Solved! Go to Solution.
I can't open the rar-archives you attached, being told that they are corrupt.
You have a system of two equations in L and Ti. To solve this system symbolically, you would have to put the two equations in a 2 x 1 matrix and then uses "solve,L,Ti".
But Prime would choke on the units, because the symbolics are not unit aware and treats them as unknown variables. Bad, because the "unit" °C is not a simple factor but a conversion function.
Better you use a numeric solve block as shown below:
Attach please the Mathcad Prime sheet!
Can you look at the file down in the next answer, please? I sent the file in the wrong reply box. Thanks
Be careful with temperature units--there are two types: temperature degrees Kelvin/Centigrade and Rankine/Fahrenheit and delta temperature. Some of your values need to be deltas.

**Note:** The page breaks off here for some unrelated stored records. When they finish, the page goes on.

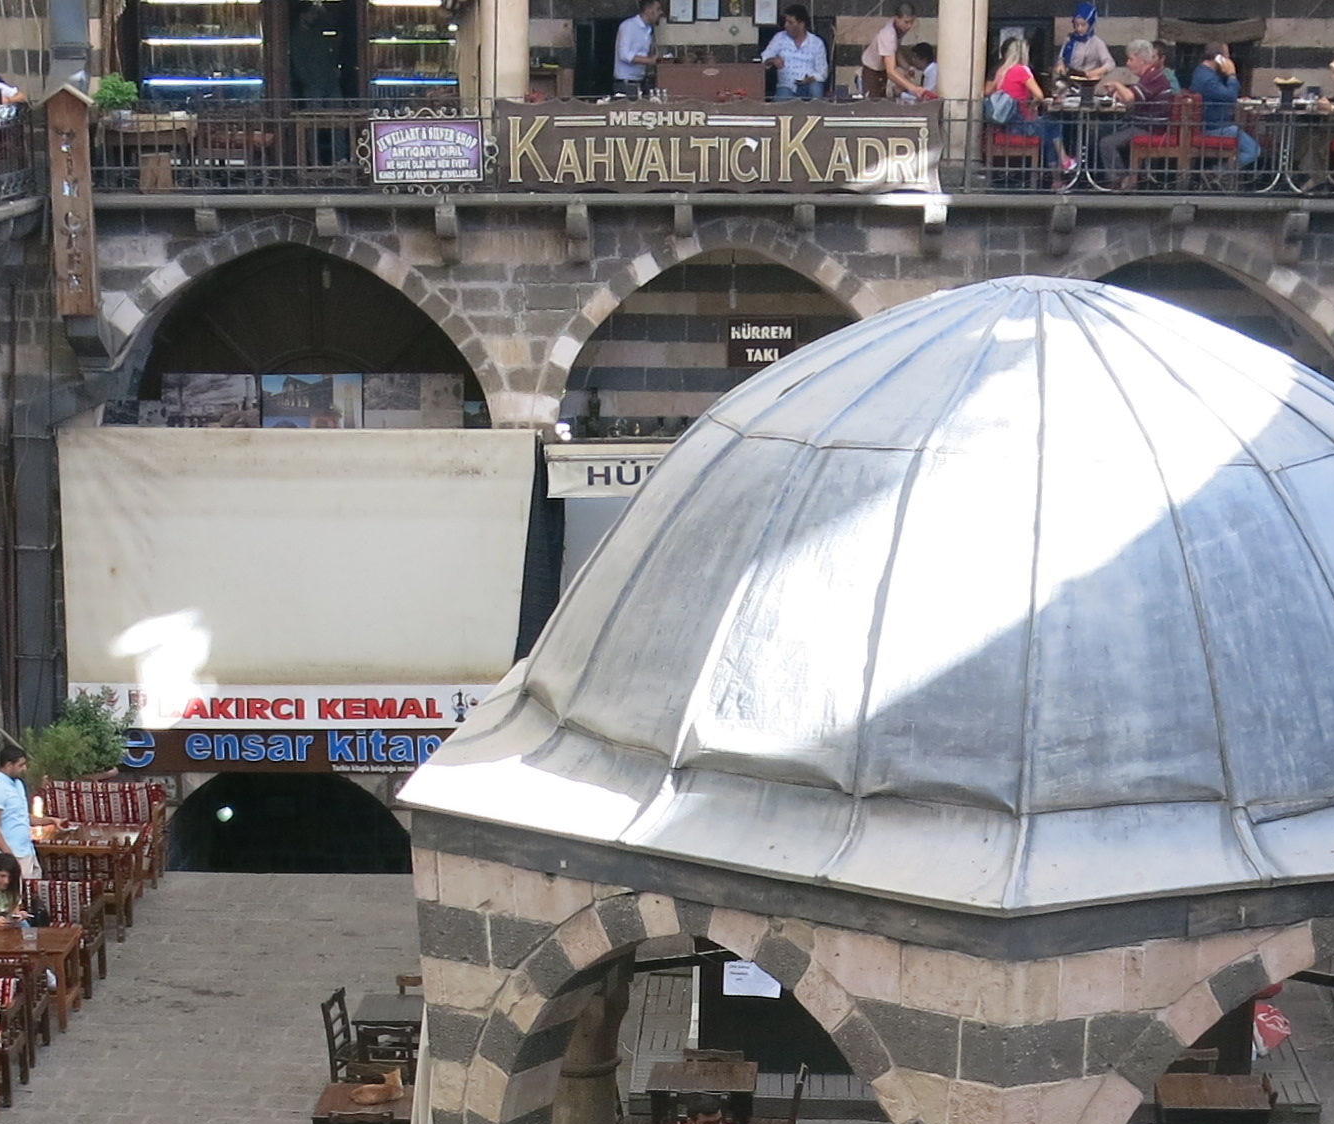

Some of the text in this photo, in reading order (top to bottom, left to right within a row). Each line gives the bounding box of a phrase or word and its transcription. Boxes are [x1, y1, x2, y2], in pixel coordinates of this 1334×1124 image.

[609, 111, 706, 130] MEŞHUR
[456, 131, 478, 149] SHOP
[508, 115, 930, 184] KAHVALTICI KADRİ
[731, 322, 792, 339] HÜRREM
[746, 348, 779, 362] TAKI
[587, 461, 654, 485] HÜ
[160, 698, 442, 719] AKIRCI KEMAL
[185, 731, 315, 762] ensar
[327, 730, 442, 767] kitap

See if the attached file helps. I couldn't see a value for Ti, so I couldn't solve for L, but you can create a function.
Thanks for the Tip! The question doesn't give the Ti. It seems that can be solved simultaneously using both equations as shown in the paper.

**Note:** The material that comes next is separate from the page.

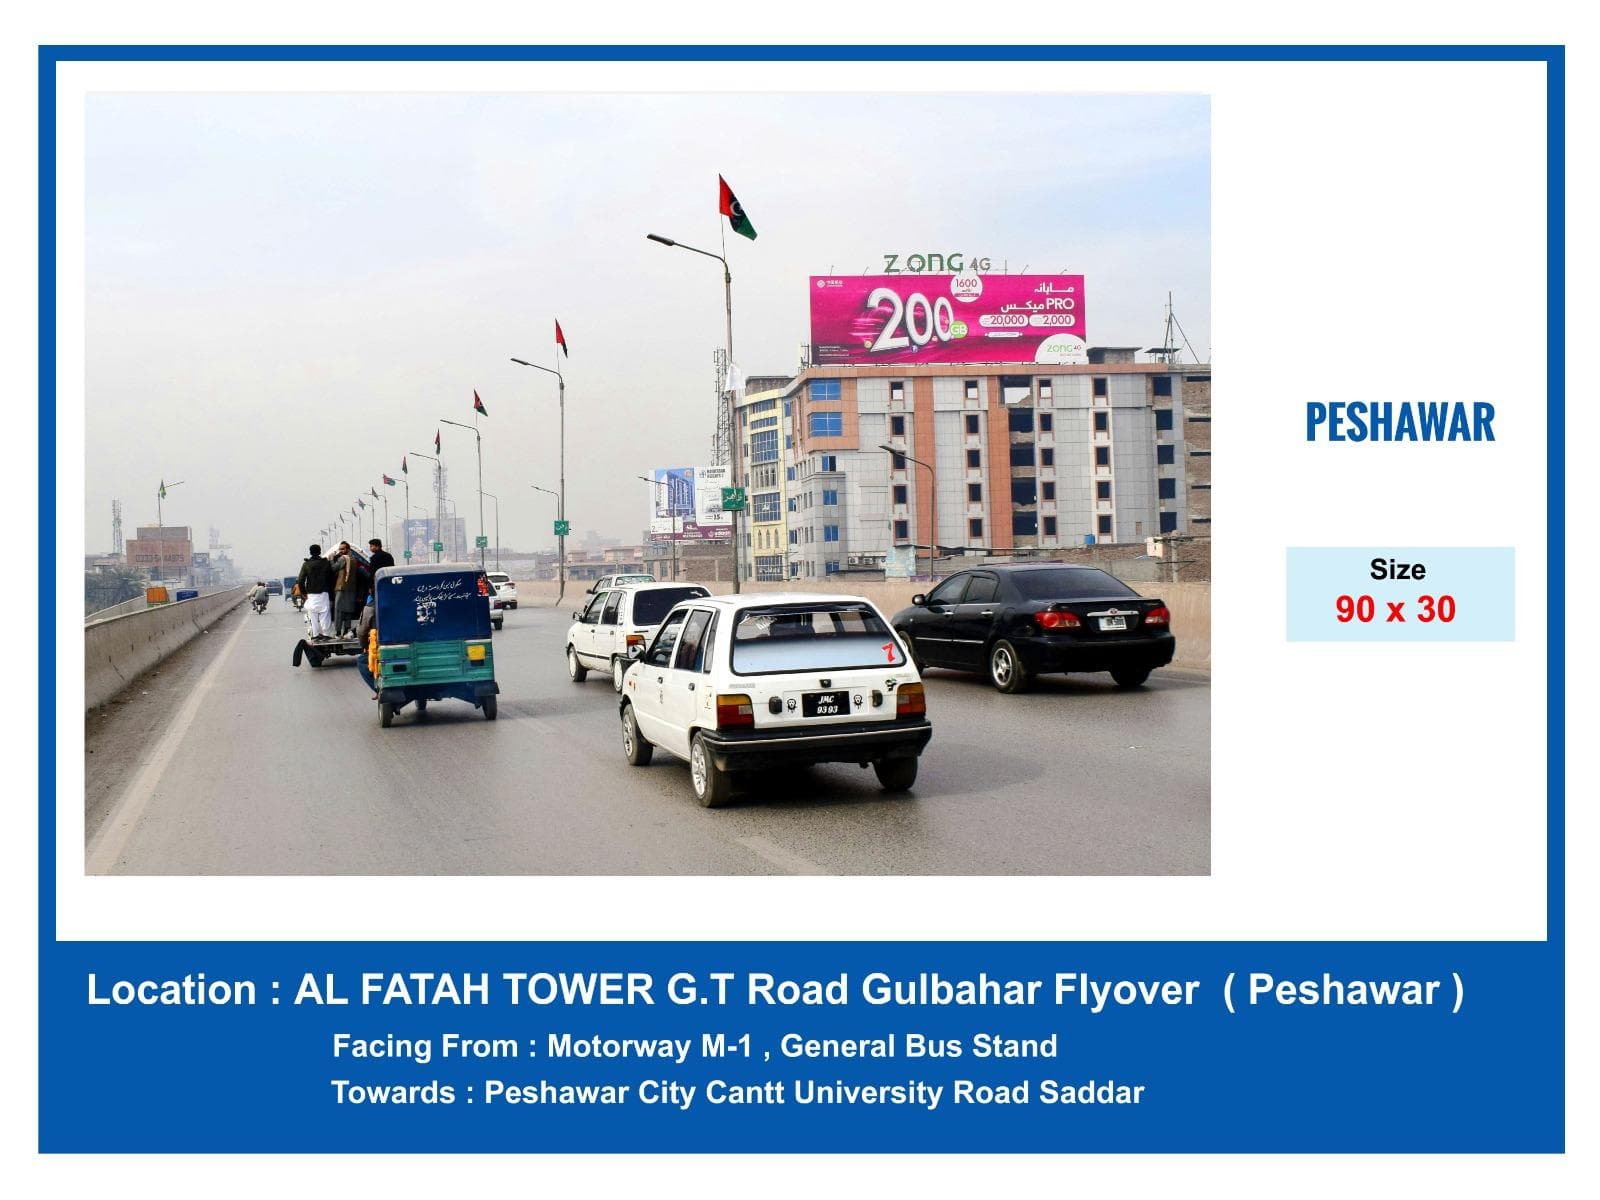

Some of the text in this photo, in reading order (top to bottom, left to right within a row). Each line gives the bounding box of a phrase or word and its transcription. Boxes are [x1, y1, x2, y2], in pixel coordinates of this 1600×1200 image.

I can't open the rar-archives you attached, being told that they are corrupt.
You have a system of two equations in L and Ti. To solve this system symbolically, you would have to put the two equations in a 2 x 1 matrix and then uses "solve,L,Ti".
But Prime would choke on the units, because the symbolics are not unit aware and treats them as unknown variables. Bad, because the "unit" °C is not a simple factor but a conversion function.

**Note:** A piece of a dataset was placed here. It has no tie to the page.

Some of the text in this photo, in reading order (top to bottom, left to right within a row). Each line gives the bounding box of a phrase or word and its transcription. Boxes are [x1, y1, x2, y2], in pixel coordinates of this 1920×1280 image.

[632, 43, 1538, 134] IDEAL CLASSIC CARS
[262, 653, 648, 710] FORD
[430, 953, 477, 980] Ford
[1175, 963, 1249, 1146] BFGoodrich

Better you use a numeric solve block as shown below:
Addendum:
Here is a way to do it with the symbolic solve command.
The trick is to get rid of the °C conversion function by providing all temperatures in Kelvin. This is achieved by using an inline evaluation after the assignment (yellow shaded areas)
Amazing! Thank you!
As for the question you asked by PM (use a forum/thread reply for this to keep the thread public and consistent): The guess values were chosen arbitrarily. Mathcads numeric solver needs values to start with. If a (non-linear) system has more than one set of solutions, the guess values may decide which set the solver will finally arrive at. And some systems are very sensible wrt the guesses and solving will fail if you don't provide guesses close enough to the solutions.
And while your system isn't linear, its quite well behaved and you will get your solutions using any guess values. Of course the guesses must have the correct units and you can't chose L=0 (divison by zero in your expressions). Otherwise you may use any guesses you like - give it a try.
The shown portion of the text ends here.